Buitenland

Arafat, de revolutionair die faalde

Yasser Arafat is niet meer. Hij sprak de afgelopen jaren de wens uit dat hij zou sterven als een martelaar. Israël heeft zich, ondanks de druk van rechtse politici, nooit aan zijn leven durven vergrijpen. Daarvoor was Arafats internationale aanzien te groot en zijn magische greep op de Palestijnse geesten te sterk. Hij stierf rustig in een ziekenhuis.

Alfred Muller
11 November 2004 08:41Gewijzigd op 14 November 2020 01:51
Bij de ondertekening van het eerste Oslo akkoord, dat voorzag in Palestijnse autonomie, drukt Arafat de Israëlische premier Yitzhak Rabin op 13 september 1993 de hand. Foto EPA
Bij de ondertekening van het eerste Oslo akkoord, dat voorzag in Palestijnse autonomie, drukt Arafat de Israëlische premier Yitzhak Rabin op 13 september 1993 de hand. Foto EPA

Mohammed Abdel-Raouf Arafat al-Qidwa al-Husseini zei van zichzelf dat hij in Jeruzalem geboren werd en dat hij daar tot 1942 heeft gewoond, maar een geboorteakte meldt dat hij in augustus 1929 in Egypte ter wereld kwam. Zijn moeder stierf toen hij vier was en zijn vader trouwde daarop met verschillende andere vrouwen. Arafat woonde in zijn jeugdjaren een aantal jaren in de Oude Stad van Jeruzalem, vlak bij de Westelijke Muur, maar later keerde het gezin terug naar Egypte, waar hij gedurende zeven jaar een opleiding voor ingenieur aan een Egyptische universiteit volgde en in 1956 een graad haalde.

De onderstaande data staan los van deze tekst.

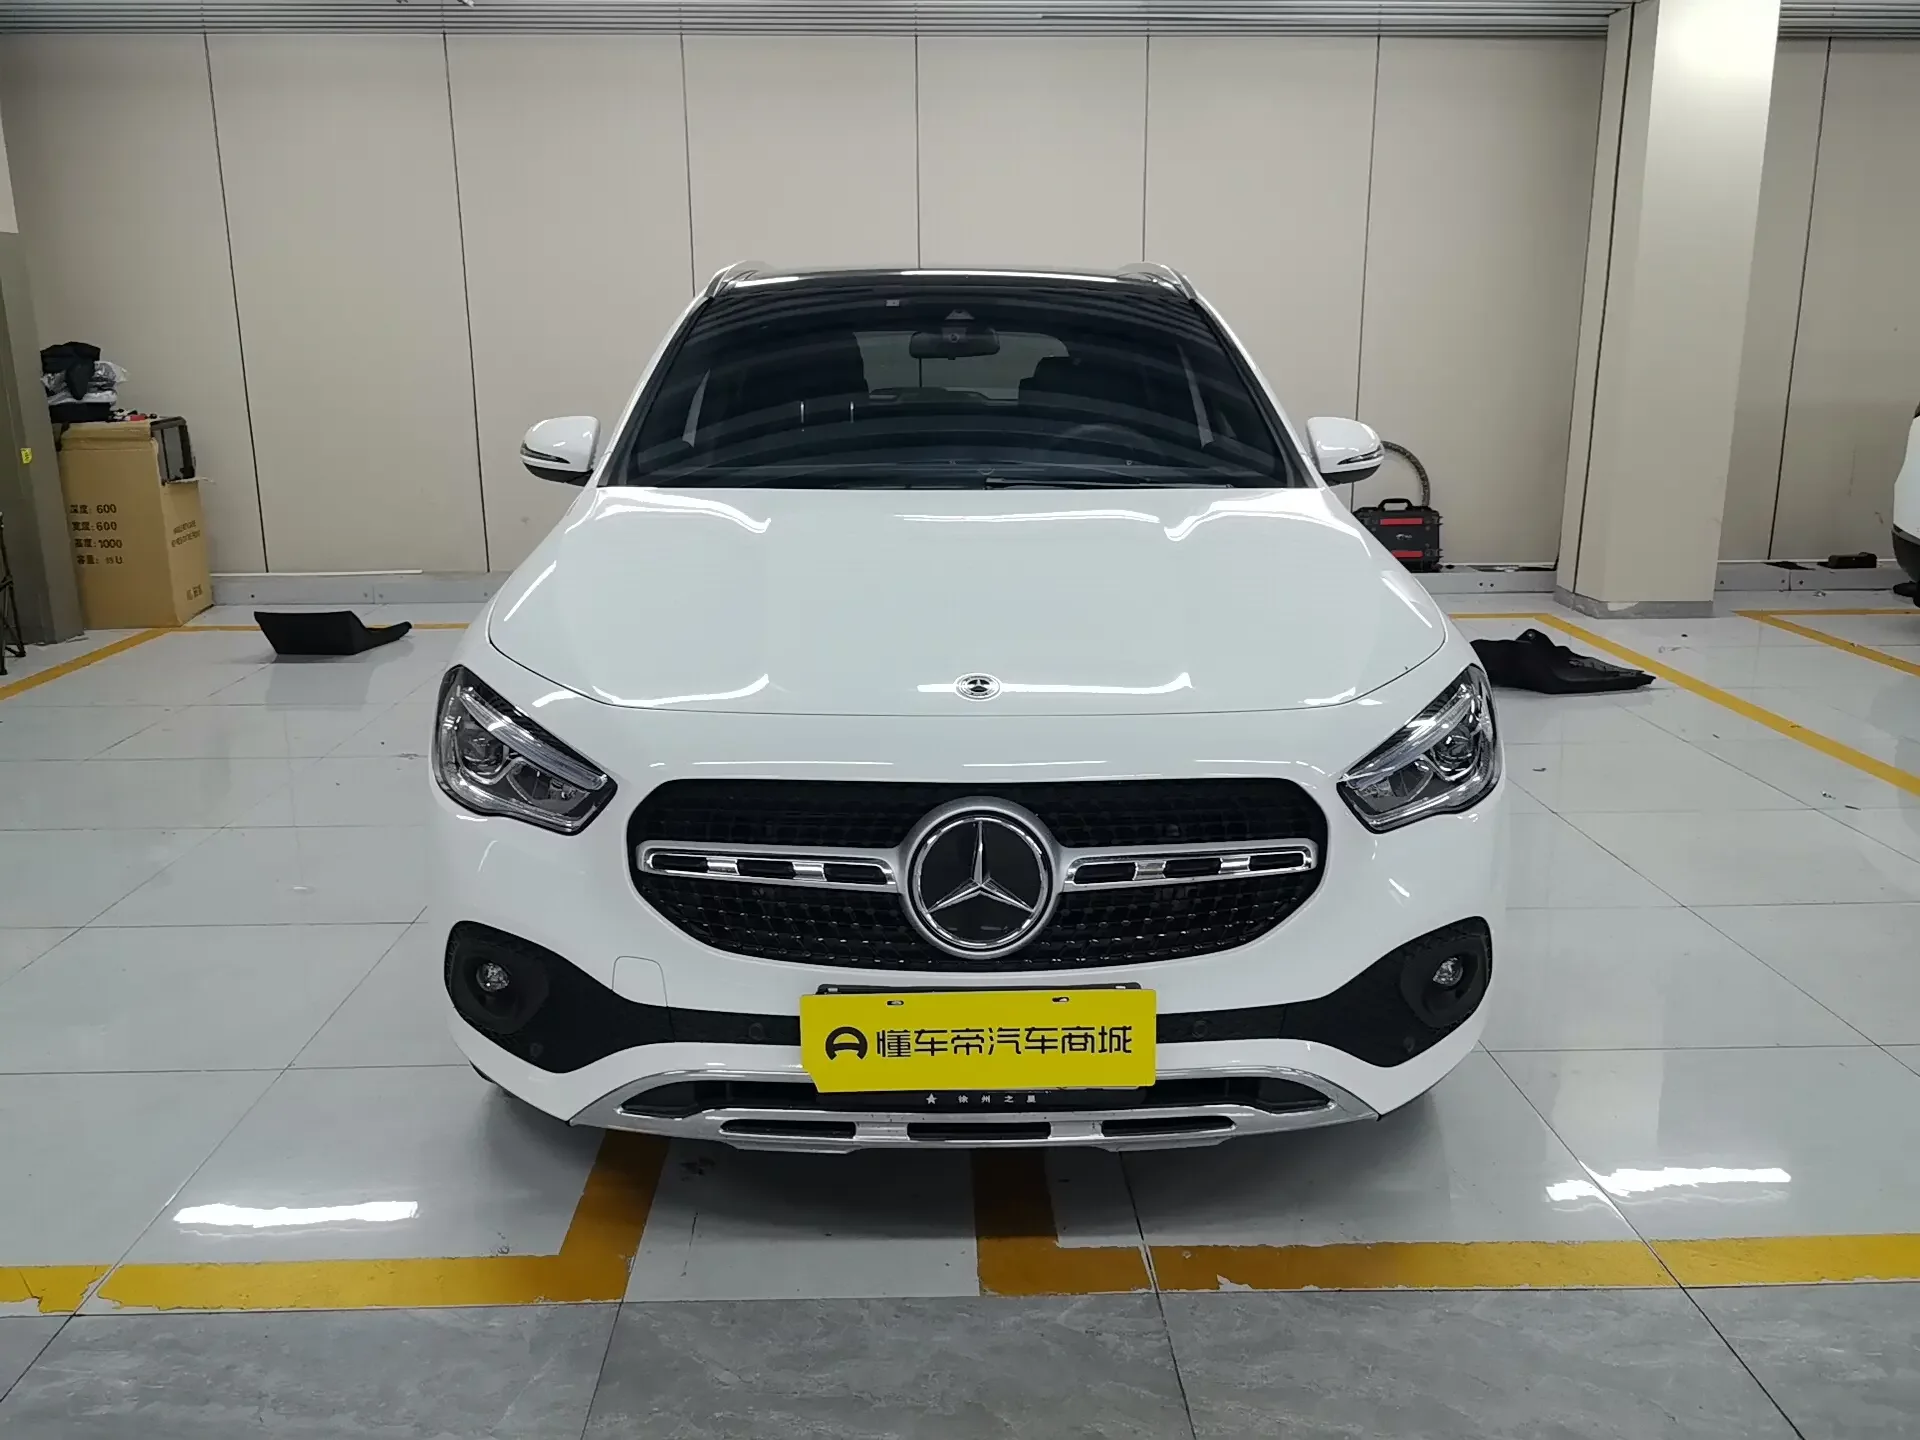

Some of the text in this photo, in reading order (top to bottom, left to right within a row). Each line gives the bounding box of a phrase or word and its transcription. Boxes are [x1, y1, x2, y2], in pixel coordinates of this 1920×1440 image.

[876, 1026, 1132, 1058] 懂车帝汽车商城

Hij deed zo lang over de studie omdat hij veel tijd besteedde aan nevenactiviteiten. De staat Israël was opgericht en de jonge studentenleider en de vrienden om hem heen vroegen zich af hoe Palestina bevrijd kon worden. Na zijn studententijd verbleef Arafat in Koeweit, waar hij in 1959 samen met anderen de Palestijnse guerrillaorganisatie Fatah vormgaf. De eerste aanslag had op 1 januari 1965 moeten plaatsvinden met een bom op het Israëlische watersysteem, maar het explosief ging niet af.

Arafat liet zich niet uit het veld slaan door de Zesdaagse Oorlog, waarin Israël de Arabieren een grote slag toebracht door de Westoever inclusief Oost-Jeruzalem en de Gazastrook te veroveren. „De nederlaag van 1967 is de voorbode van een grote overwinning”, voorspelde hij. Na de oorlog organiseerde hij vanuit Jordanië aanvallen op Israël, tegen de wil van koning Hussein. De koning begreep dat hoe sterker Arafat zou worden, hoe meer zijn monarchie zou worden ondermijnd.

Arafats legertje had zich verschanst in het Jordaanse plaatsje Karameh, in de Jordaanvallei, en ondernam guerrilla-acties op Israëlisch grondgebied. Toen Israëls leger Karameh in maart 1968 bestormde, lieten 21 Israëlische soldaten en 150 Palestijnen het leven. Volgens Palestijnse bronnen weigerde Arafat bescherming te zoeken in een greppel en zou hij er de voorkeur aan hebben gegeven in de strijd te sterven, maar andere berichten zeggen dat hij en een andere leider, Abu Iyad, op een brommer vluchtten en het vechten overlieten aan de anderen. De Palestijnen wisten een Israëlische tank buit te maken, die in Amman werd tentoongesteld als teken van de Palestijnse overwinning. Door de strijd won Arafats Fatah-partij aan prestige en een dollarstroom uit de Arabische landen kwam op gang. Fatach en andere Palestijnse organisaties binnen de PLO zouden echter in het Westen vooral berucht worden door terreuraanvallen en vliegtuigkapingen.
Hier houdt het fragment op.